Entry of HIV-1 into host cells remains a compelling yet elusive target for developing agents to prevent
infection. A
peptide triazole (PT) class of entry inhibitor has previously been shown to bind to HIV-1 gp120, suppress interactions of the
Env protein at host cell receptor binding sites, inhibit cell
infection, and cause envelope spike
protein breakdown, including gp120 shedding and, for some variants, virus membrane lysis. We found that
gold nanoparticle-conjugated forms of
peptide triazoles (AuNP-PT) exhibit substantially more potent
antiviral effects against HIV-1 than corresponding
peptide triazoles alone. Here, we sought to reveal the mechanism of potency enhancement underlying nanoparticle conjugate function. We found that altering the physical properties of the nanoparticle conjugate, by increasing the AuNP diameter and/or the density of PT conjugated on the AuNP surface, enhanced potency of
infection inhibition to impressive picomolar levels.
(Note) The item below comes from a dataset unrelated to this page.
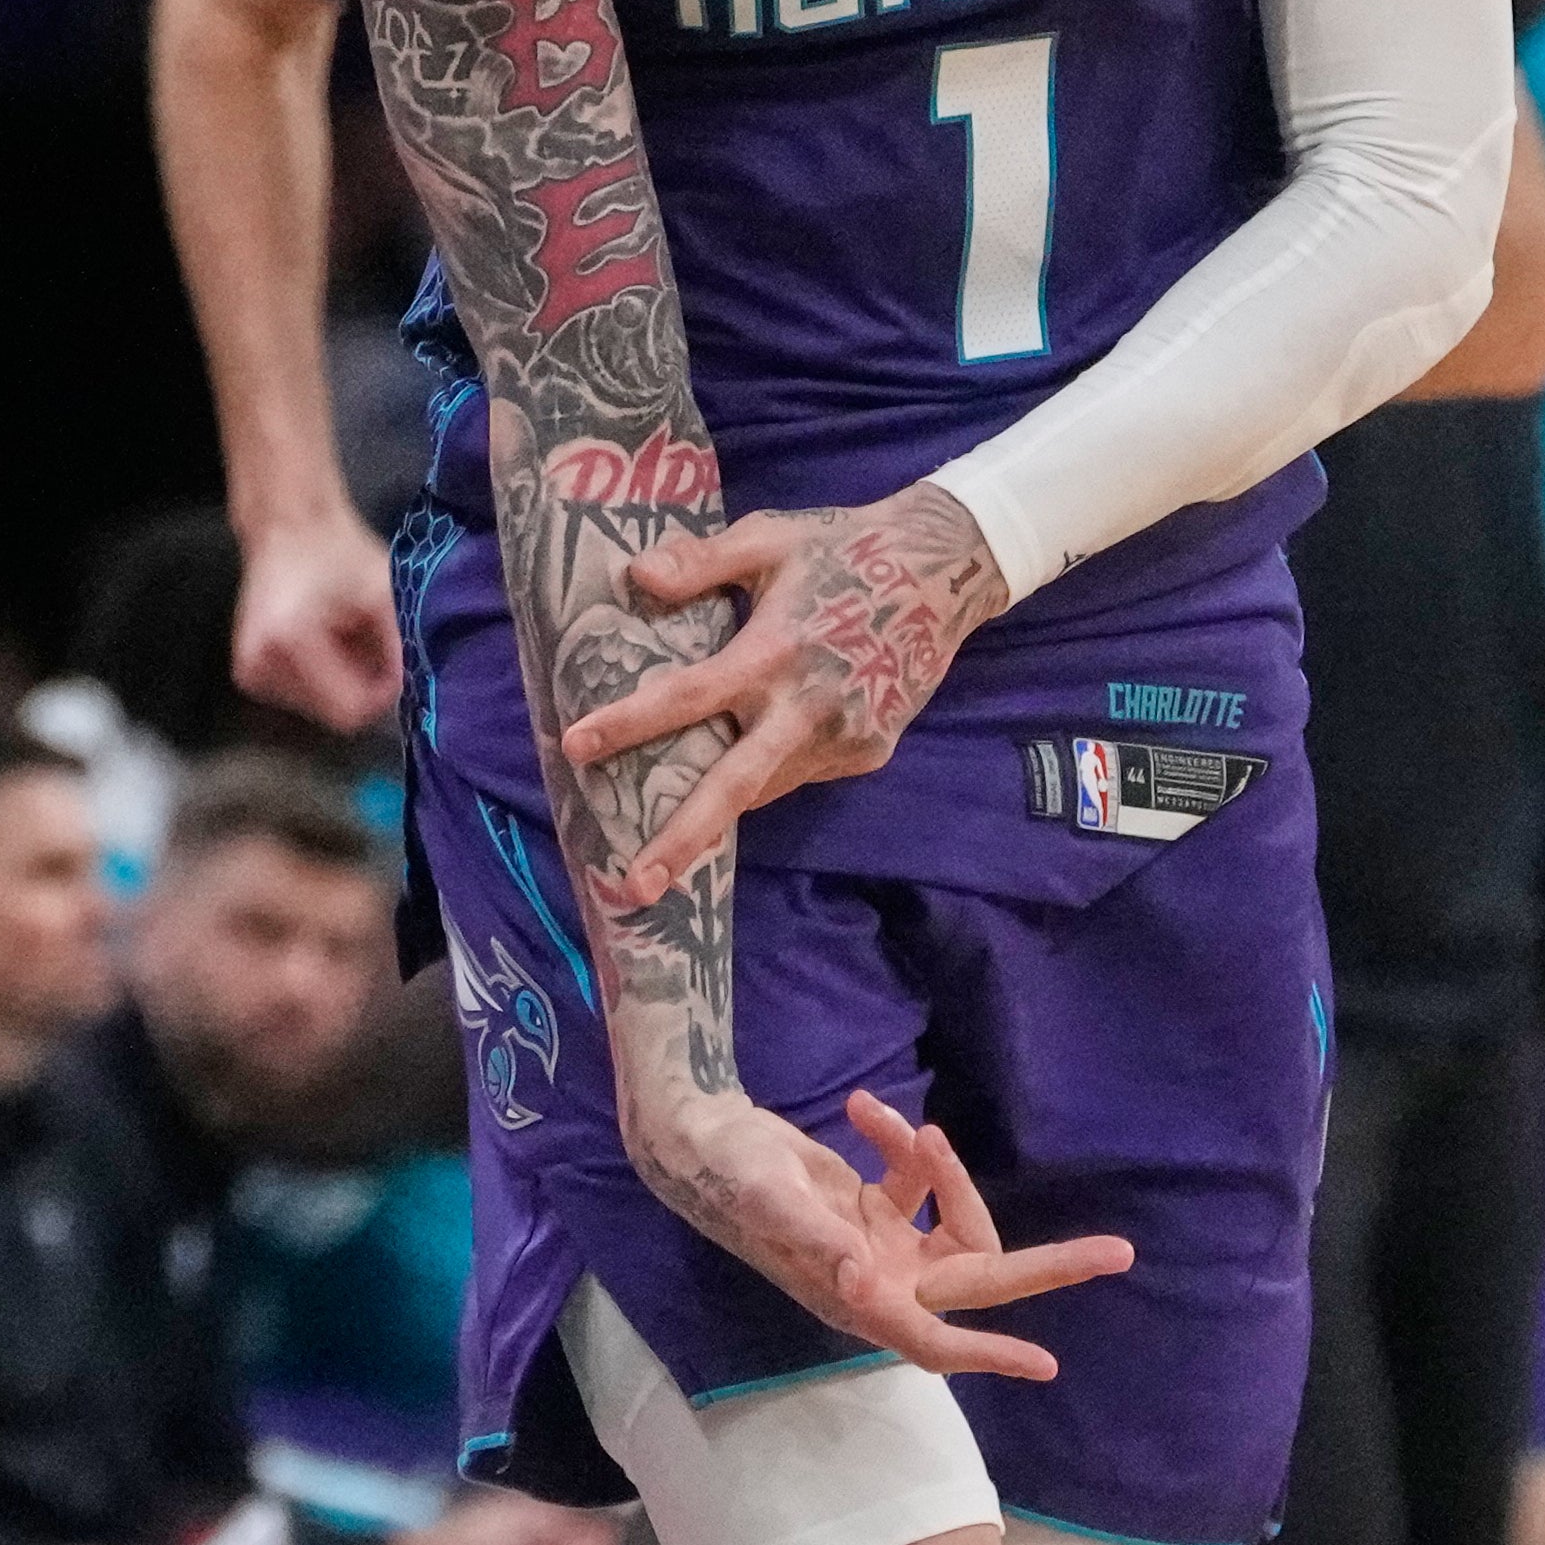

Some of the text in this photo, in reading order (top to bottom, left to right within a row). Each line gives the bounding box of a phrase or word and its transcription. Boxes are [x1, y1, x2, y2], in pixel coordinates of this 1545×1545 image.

Further, compared with unconjugated PT, AuNP-PT was less susceptible to reduction of
antiviral potency when the density of PT-competent Env spikes on the virus was reduced by incorporating a
peptide-resistant mutant gp120. We conclude that potency enhancement of virolytic activity and corresponding irreversible HIV-1 inactivation of PTs upon AuNP conjugation derives from multivalent contact between the
nanoconjugates and metastable Env spikes on the HIV-1 virus. The findings reveal that multispike engagement can exploit the metastability built into virus the envelope to irreversibly inactivate HIV-1 and provide a conceptual platform to design nanoparticle-based
antiviral agents for HIV-1 specifically and putatively for metastable enveloped viruses generally.